Tzvi Kahn on the Heist of Iran's Nuclear Archive
Original Article - Gary C. Gambill, Middle East Forum
Tzvi Kahn, a research fellow at the Foundation for the Defense of Democracies, spoke to participants in a June 29 Middle East Forum webinar about archival documents pertaining to Iran's nuclear program that were seized by Israel in January 2018 and their implications for the 2015 Iran nuclear deal, other non-proliferation agreements, and US policy towards Iran going forward.
The raid by Israel's Mossad intelligence agency on a warehouse in Iran's capital city of Tehran removed about 55,000 paper files and 183 CDs with another 55,000 files on them, all of which catalog Iran's efforts to develop a nuclear weapon. Israeli officials estimate that only 20 to 50% of the archive's total contents were seized.
The archive "contained a wealth of new information that contradicts long standing assumptions about Iran's nuclear weapons program," said Kahn.

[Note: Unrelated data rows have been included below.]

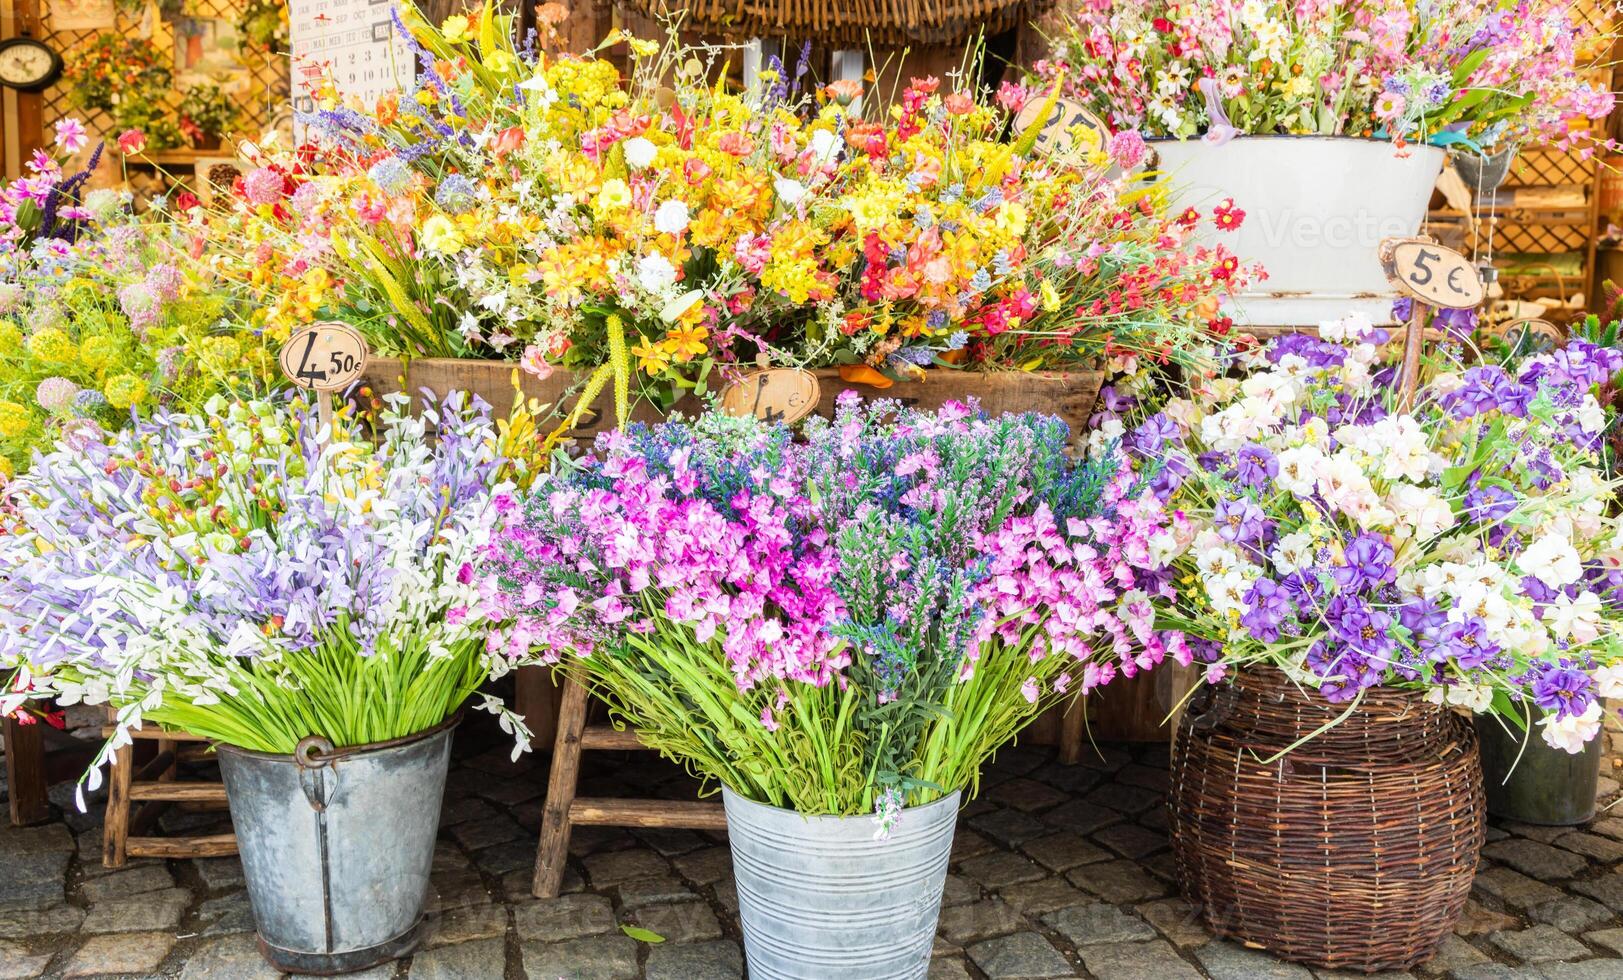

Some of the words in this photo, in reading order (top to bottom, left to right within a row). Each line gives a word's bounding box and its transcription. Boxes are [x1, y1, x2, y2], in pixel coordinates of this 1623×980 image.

[348, 53, 355, 65] 2
[364, 50, 372, 61] 3
[349, 72, 356, 84] 9
[363, 70, 374, 82] 10
[380, 66, 390, 79] 11

A December 2015 report by the International Atomic Energy Agency (IAEA) had assessed that Iran's efforts to develop a bomb "did not advance beyond feasibility and scientific studies and the acquisition of certain relevant technical competencies and capabilities." A 2007 US national intelligence estimate had judged with high confidence that Iran halted its nuclear weapons program in 2003, thereafter engaging only in ostensibly civilian nuclear activities.

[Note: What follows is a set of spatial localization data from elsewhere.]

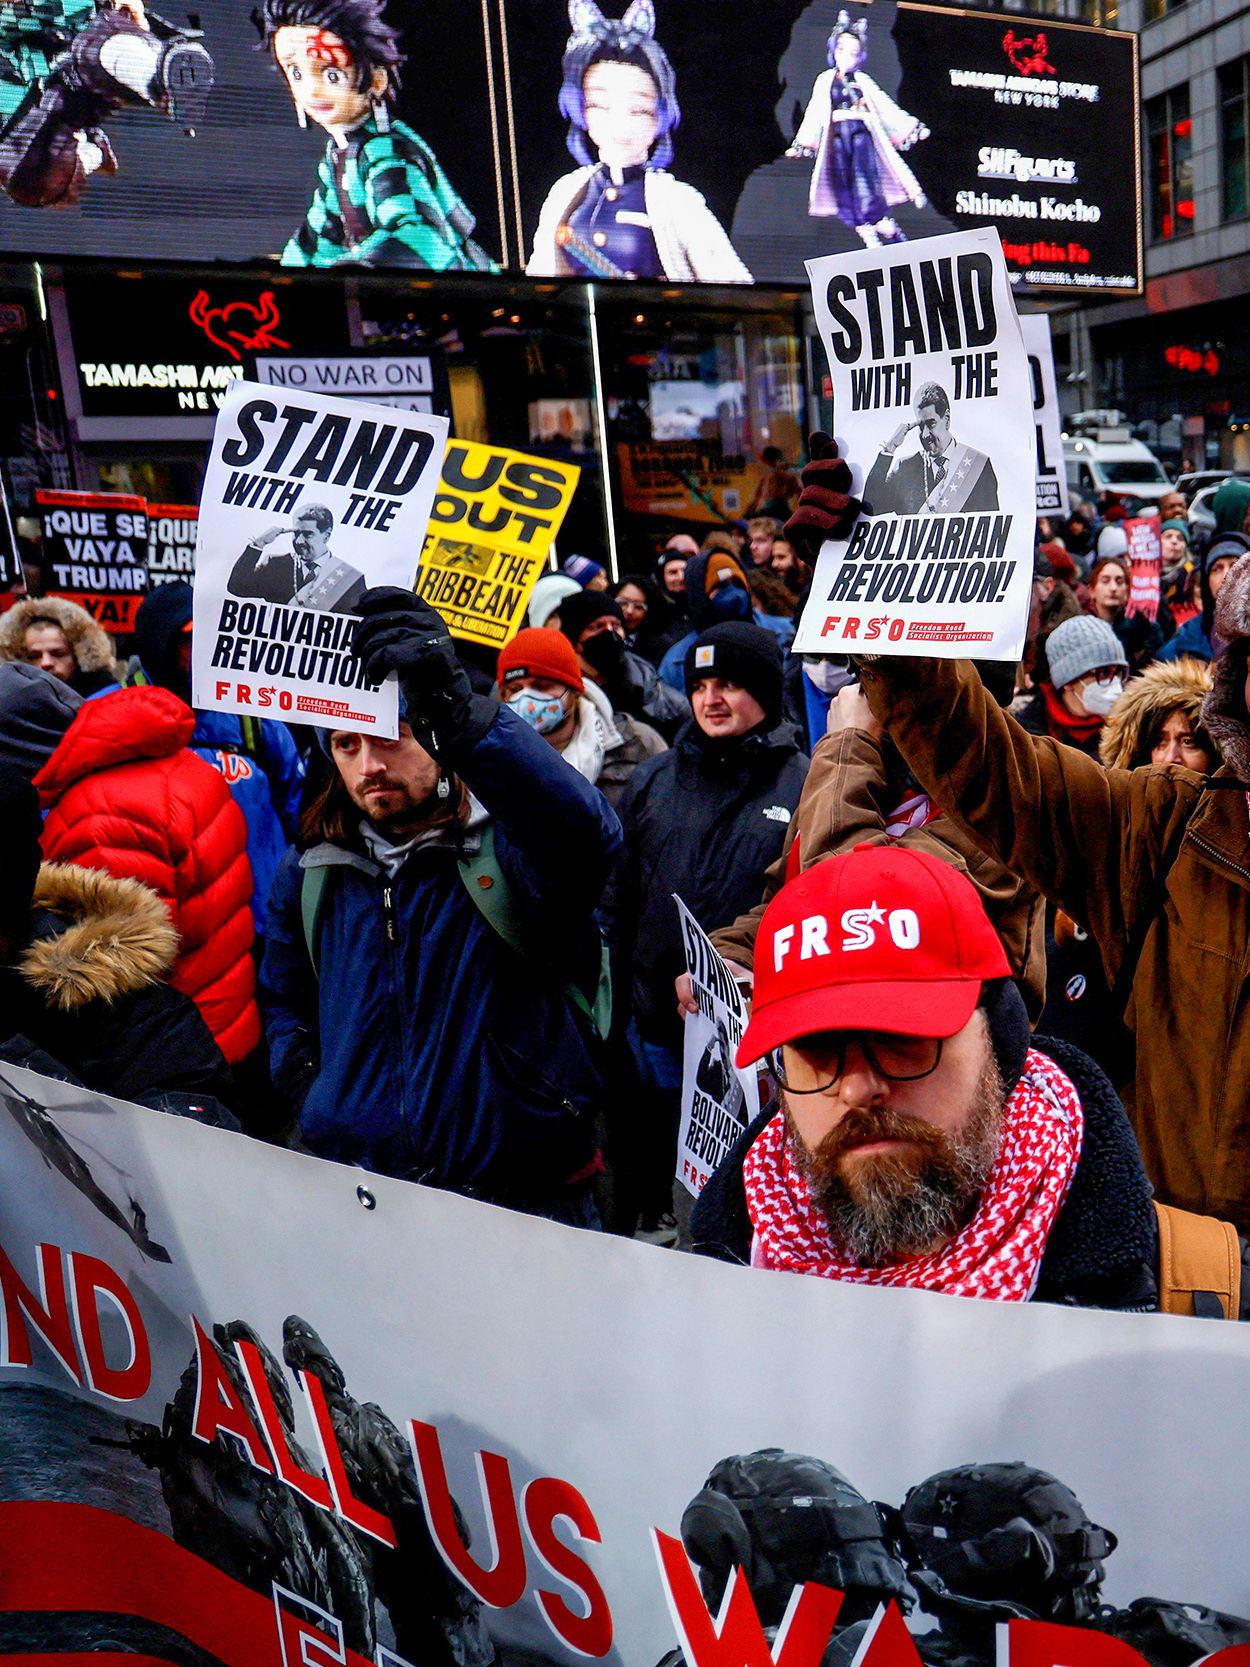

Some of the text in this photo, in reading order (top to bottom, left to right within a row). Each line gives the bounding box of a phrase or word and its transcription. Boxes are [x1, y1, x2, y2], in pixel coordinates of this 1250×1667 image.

[994, 90, 1061, 110] NEW YORK
[955, 190, 1101, 223] Shinobu Kocho
[827, 252, 998, 365] STAND
[268, 365, 307, 386] NO
[315, 365, 377, 386] WAR
[385, 364, 424, 385] ON
[851, 362, 912, 411] WITH
[951, 351, 998, 401] THE
[221, 399, 435, 496] STAND
[441, 447, 566, 510] US
[221, 471, 403, 532] WITH THE
[429, 494, 553, 544] OUT
[44, 510, 147, 539] ¡QUE SE
[843, 515, 1013, 561] BOLIVARIAN
[64, 538, 136, 564] VAYA
[493, 552, 536, 587] THE
[53, 564, 147, 591] TRUMP
[827, 561, 1016, 603] REVOLUTION!
[218, 599, 364, 653] BOLIVARIA
[820, 614, 964, 642] FRSO Freedom Road
[908, 631, 993, 642] Socialist Organization
[216, 681, 293, 711] FRSO
[298, 696, 328, 708] Freedom
[298, 703, 376, 723] Socialist Organization
[773, 900, 921, 974] FRSO
[684, 915, 743, 1018] STAND
[191, 1312, 399, 1550] ALL
[405, 1418, 613, 1658] US

The trove of captured documents from the archive "shows that the nuclear weapons program continued, albeit in a more circumscribed and diffused manner, past 2003" and identifies additional nuclear facilities, equipment, and activities previously unknown to the IAEA. These include
- The existence of a tunnel complex underneath the Parchin military complex, known as the Shahid Boroujerdi project, "likely intended for the fabrication of uranium based nuclear weapon components."
- The fact that Iran conducted more high explosive tests at Parchin than indicated in previous IAEA reports.

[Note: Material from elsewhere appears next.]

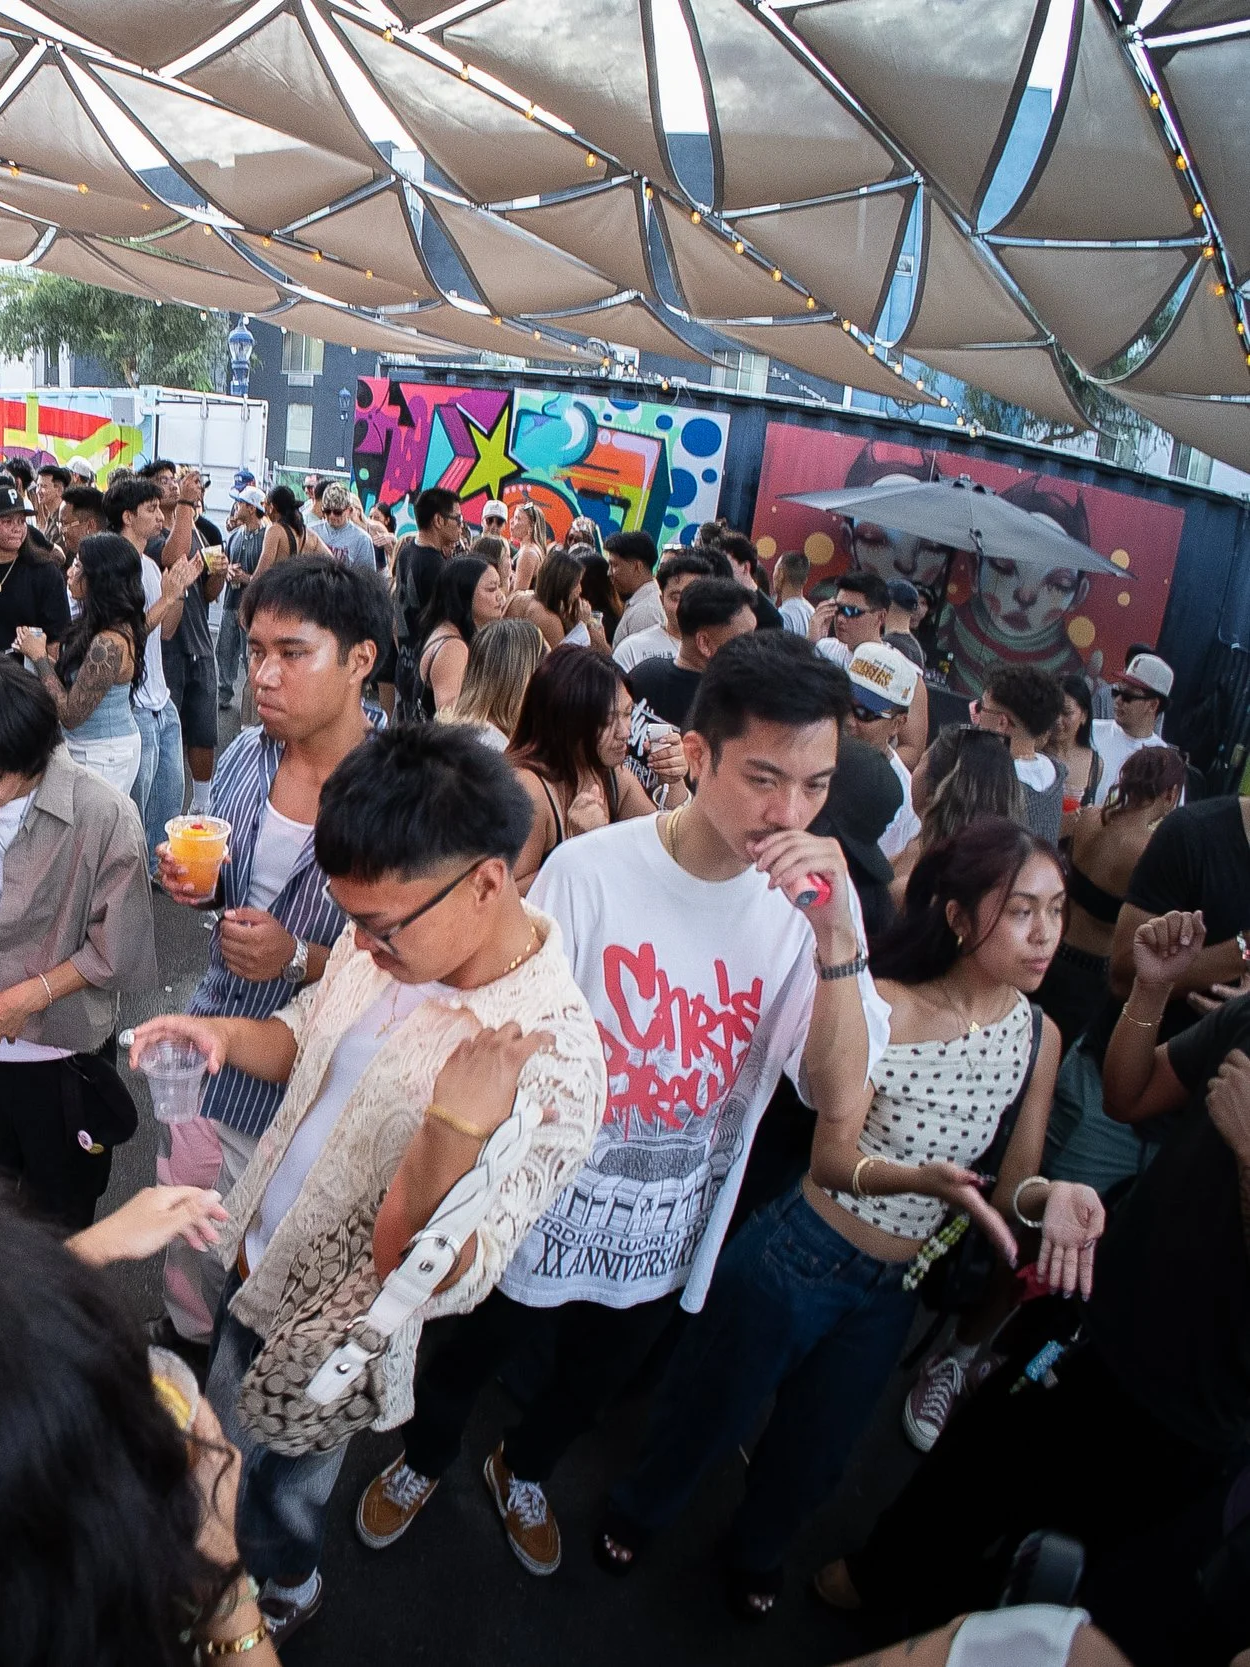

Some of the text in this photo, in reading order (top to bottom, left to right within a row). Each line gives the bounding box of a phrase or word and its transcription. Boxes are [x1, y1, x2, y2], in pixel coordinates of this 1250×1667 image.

[531, 1232, 704, 1281] XX ANNIVERSARY
[619, 1229, 680, 1252] WORLD

- Details about a plan, known as Project Midan, to construct an underground nuclear weapons test site.
- The fact that, as of 2003, Iran had already designed a nuclear weapon and developed plans to produce five warheads.
- Minutes of meetings in which Iranian officials discuss methods of concealing Iran's nuclear activities.
- "Deception folders" detailing Iran's misinformation to the IAEA, "ensuring their uniformity in each meeting with the agency."